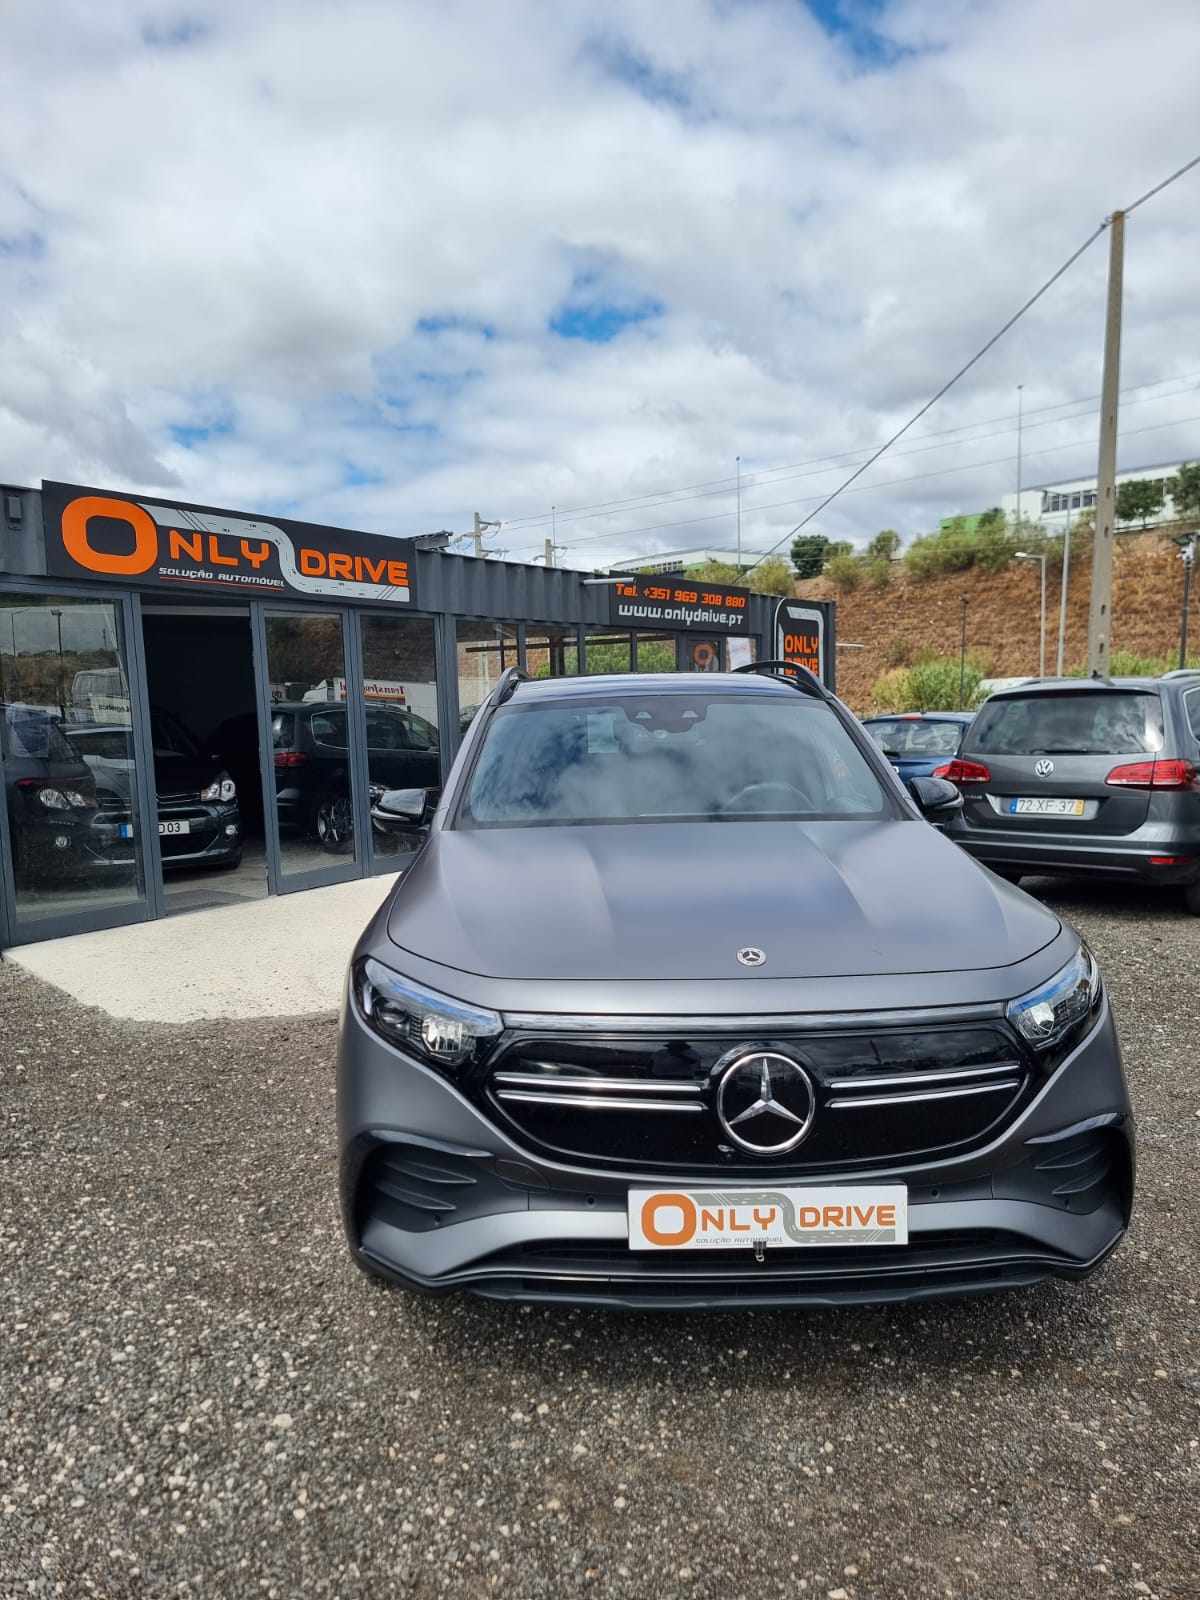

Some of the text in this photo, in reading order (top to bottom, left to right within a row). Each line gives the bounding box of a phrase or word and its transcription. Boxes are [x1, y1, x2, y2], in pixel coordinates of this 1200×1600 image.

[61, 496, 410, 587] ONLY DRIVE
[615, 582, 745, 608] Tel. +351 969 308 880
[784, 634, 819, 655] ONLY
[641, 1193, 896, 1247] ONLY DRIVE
::::::::::
**WHAT YOU HAVE TO DO:** Give back an exact reproduction of the entries, with all pictures excluded.

**EXERCISE SOLUTION:**
Some of the text in this photo, in reading order (top to bottom, left to right within a row). Each line gives the bounding box of a phrase or word and its transcription. Boxes are [x1, y1, x2, y2], in pixel coordinates of this 1200×1600 image.

[61, 496, 410, 587] ONLY DRIVE
[615, 582, 745, 608] Tel. +351 969 308 880
[784, 634, 819, 655] ONLY
[641, 1193, 896, 1247] ONLY DRIVE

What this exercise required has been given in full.